■ TASK DETAILS
Output only the lines that run from the one with "this 1536×1844 image." to the final line of the material, exactly as they are written.

■ STORED DATA
********
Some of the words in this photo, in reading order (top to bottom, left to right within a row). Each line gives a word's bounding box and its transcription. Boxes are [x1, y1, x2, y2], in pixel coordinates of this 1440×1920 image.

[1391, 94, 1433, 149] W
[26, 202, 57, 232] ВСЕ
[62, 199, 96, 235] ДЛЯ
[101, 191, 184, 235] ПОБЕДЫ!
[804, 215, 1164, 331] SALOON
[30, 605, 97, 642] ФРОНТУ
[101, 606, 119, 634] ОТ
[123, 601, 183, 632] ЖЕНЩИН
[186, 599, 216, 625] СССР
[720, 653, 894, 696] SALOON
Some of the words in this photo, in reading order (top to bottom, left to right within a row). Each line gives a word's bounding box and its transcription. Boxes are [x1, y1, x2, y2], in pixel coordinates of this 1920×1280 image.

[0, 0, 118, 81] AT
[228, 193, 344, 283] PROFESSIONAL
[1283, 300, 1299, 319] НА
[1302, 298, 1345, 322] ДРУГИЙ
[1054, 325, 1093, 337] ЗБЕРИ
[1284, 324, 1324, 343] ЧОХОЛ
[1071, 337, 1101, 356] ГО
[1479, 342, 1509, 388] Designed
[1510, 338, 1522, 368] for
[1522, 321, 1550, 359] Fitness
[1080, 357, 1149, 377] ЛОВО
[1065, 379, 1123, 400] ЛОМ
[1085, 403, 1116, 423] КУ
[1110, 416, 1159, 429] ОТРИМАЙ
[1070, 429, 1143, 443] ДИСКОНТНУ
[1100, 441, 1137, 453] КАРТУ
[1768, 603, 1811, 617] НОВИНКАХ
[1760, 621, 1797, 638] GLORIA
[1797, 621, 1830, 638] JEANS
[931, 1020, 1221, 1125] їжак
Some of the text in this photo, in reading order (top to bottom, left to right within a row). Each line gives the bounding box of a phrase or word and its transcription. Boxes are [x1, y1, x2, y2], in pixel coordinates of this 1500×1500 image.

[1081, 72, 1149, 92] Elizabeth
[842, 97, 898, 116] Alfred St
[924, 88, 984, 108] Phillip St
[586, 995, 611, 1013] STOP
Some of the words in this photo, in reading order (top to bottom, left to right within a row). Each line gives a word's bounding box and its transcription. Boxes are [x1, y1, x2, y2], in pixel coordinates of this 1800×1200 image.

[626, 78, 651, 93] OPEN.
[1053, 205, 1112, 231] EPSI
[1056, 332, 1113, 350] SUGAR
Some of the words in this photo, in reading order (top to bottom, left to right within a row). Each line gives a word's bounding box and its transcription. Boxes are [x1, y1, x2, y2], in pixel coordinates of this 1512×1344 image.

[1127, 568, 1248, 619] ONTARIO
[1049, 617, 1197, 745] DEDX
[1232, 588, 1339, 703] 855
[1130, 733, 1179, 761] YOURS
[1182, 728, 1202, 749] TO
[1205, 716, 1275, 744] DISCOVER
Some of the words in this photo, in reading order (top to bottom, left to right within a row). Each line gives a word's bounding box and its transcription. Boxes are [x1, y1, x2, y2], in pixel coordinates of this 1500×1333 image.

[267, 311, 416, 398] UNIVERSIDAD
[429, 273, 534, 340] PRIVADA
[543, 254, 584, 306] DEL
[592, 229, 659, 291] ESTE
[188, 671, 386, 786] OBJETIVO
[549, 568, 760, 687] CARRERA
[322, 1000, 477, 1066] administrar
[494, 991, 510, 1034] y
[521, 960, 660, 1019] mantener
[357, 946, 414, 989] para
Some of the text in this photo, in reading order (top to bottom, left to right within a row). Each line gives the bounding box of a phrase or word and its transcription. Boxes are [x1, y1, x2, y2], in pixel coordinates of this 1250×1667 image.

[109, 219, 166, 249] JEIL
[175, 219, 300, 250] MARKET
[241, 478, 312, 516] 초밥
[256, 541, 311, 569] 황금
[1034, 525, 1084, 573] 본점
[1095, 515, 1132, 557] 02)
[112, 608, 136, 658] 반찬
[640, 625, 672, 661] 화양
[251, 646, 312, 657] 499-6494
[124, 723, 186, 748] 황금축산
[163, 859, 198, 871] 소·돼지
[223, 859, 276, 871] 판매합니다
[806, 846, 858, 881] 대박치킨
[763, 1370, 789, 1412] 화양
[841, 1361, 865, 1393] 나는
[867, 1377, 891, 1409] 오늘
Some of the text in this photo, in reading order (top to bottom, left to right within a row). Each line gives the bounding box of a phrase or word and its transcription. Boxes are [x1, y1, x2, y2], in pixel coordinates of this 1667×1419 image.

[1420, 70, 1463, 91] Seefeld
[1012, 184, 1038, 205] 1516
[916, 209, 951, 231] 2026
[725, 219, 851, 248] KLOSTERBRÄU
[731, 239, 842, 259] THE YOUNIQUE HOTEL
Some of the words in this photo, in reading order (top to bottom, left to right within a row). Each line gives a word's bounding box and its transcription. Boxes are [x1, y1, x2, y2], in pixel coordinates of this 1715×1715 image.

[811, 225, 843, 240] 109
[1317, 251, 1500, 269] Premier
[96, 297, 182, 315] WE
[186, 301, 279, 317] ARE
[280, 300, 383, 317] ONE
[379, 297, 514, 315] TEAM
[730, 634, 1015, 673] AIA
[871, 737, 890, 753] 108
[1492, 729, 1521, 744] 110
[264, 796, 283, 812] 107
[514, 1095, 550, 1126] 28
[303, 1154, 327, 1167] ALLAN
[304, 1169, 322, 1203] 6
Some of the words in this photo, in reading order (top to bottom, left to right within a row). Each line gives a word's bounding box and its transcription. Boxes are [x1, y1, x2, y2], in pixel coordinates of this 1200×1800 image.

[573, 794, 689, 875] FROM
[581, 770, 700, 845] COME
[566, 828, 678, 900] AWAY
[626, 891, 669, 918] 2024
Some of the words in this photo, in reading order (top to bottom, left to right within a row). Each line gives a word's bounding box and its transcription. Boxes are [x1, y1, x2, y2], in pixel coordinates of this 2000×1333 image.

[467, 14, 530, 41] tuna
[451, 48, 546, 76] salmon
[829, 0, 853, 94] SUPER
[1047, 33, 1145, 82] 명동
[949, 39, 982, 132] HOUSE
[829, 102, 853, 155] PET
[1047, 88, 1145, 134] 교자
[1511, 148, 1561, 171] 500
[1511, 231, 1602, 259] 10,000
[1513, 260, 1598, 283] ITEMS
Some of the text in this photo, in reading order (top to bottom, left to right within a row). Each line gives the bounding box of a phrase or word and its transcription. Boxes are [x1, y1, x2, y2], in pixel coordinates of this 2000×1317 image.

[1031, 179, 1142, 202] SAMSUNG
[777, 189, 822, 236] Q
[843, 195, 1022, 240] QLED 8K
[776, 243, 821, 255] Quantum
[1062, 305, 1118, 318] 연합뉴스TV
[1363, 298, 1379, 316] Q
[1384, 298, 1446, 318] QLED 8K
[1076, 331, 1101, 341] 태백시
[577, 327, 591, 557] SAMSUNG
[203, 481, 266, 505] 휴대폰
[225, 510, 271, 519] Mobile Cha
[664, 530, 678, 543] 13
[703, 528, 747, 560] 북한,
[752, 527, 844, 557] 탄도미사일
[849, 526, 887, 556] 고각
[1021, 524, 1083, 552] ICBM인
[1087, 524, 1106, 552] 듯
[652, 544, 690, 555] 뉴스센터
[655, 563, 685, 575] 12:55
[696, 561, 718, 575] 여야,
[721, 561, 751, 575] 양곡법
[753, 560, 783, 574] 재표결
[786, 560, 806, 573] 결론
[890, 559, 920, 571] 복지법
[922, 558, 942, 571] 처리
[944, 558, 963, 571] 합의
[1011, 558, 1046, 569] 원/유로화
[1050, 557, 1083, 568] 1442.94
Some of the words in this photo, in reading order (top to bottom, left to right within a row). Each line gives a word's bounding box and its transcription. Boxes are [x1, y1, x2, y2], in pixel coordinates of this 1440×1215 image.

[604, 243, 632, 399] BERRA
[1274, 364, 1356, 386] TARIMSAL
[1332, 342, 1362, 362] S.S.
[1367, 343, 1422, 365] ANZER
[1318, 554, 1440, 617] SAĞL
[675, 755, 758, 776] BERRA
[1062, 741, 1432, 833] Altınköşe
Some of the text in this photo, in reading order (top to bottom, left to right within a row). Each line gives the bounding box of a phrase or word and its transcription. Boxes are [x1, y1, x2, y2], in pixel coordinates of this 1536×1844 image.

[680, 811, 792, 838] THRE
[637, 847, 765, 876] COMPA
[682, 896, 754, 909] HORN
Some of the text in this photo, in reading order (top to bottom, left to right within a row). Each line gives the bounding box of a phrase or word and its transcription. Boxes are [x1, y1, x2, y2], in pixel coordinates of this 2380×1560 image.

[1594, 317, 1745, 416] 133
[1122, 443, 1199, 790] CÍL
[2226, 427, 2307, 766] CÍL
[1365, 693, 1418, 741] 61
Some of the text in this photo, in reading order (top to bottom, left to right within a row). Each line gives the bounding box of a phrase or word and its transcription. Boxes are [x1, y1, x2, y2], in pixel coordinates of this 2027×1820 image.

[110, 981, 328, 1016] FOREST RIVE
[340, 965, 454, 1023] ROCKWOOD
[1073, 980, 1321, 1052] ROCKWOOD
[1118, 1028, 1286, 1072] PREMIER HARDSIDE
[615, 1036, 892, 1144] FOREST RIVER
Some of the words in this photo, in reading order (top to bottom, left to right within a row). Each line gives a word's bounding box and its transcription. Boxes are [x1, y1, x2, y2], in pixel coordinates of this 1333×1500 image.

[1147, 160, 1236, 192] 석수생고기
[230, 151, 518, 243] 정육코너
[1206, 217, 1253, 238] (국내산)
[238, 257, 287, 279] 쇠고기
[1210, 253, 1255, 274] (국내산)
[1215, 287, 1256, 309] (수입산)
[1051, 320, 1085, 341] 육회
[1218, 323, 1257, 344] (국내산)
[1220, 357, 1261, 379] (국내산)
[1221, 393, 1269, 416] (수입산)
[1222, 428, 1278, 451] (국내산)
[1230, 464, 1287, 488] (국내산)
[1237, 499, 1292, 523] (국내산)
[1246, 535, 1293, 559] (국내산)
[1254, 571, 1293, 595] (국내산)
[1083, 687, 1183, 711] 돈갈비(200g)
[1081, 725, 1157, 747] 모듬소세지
********
■ COMPLETED TASK
Some of the text in this photo, in reading order (top to bottom, left to right within a row). Each line gives the bounding box of a phrase or word and its transcription. Boxes are [x1, y1, x2, y2], in pixel coordinates of this 1536×1844 image.

[680, 811, 792, 838] THRE
[637, 847, 765, 876] COMPA
[682, 896, 754, 909] HORN
Some of the text in this photo, in reading order (top to bottom, left to right within a row). Each line gives the bounding box of a phrase or word and its transcription. Boxes are [x1, y1, x2, y2], in pixel coordinates of this 2380×1560 image.

[1594, 317, 1745, 416] 133
[1122, 443, 1199, 790] CÍL
[2226, 427, 2307, 766] CÍL
[1365, 693, 1418, 741] 61
Some of the text in this photo, in reading order (top to bottom, left to right within a row). Each line gives the bounding box of a phrase or word and its transcription. Boxes are [x1, y1, x2, y2], in pixel coordinates of this 2027×1820 image.

[110, 981, 328, 1016] FOREST RIVE
[340, 965, 454, 1023] ROCKWOOD
[1073, 980, 1321, 1052] ROCKWOOD
[1118, 1028, 1286, 1072] PREMIER HARDSIDE
[615, 1036, 892, 1144] FOREST RIVER
Some of the words in this photo, in reading order (top to bottom, left to right within a row). Each line gives a word's bounding box and its transcription. Boxes are [x1, y1, x2, y2], in pixel coordinates of this 1333×1500 image.

[1147, 160, 1236, 192] 석수생고기
[230, 151, 518, 243] 정육코너
[1206, 217, 1253, 238] (국내산)
[238, 257, 287, 279] 쇠고기
[1210, 253, 1255, 274] (국내산)
[1215, 287, 1256, 309] (수입산)
[1051, 320, 1085, 341] 육회
[1218, 323, 1257, 344] (국내산)
[1220, 357, 1261, 379] (국내산)
[1221, 393, 1269, 416] (수입산)
[1222, 428, 1278, 451] (국내산)
[1230, 464, 1287, 488] (국내산)
[1237, 499, 1292, 523] (국내산)
[1246, 535, 1293, 559] (국내산)
[1254, 571, 1293, 595] (국내산)
[1083, 687, 1183, 711] 돈갈비(200g)
[1081, 725, 1157, 747] 모듬소세지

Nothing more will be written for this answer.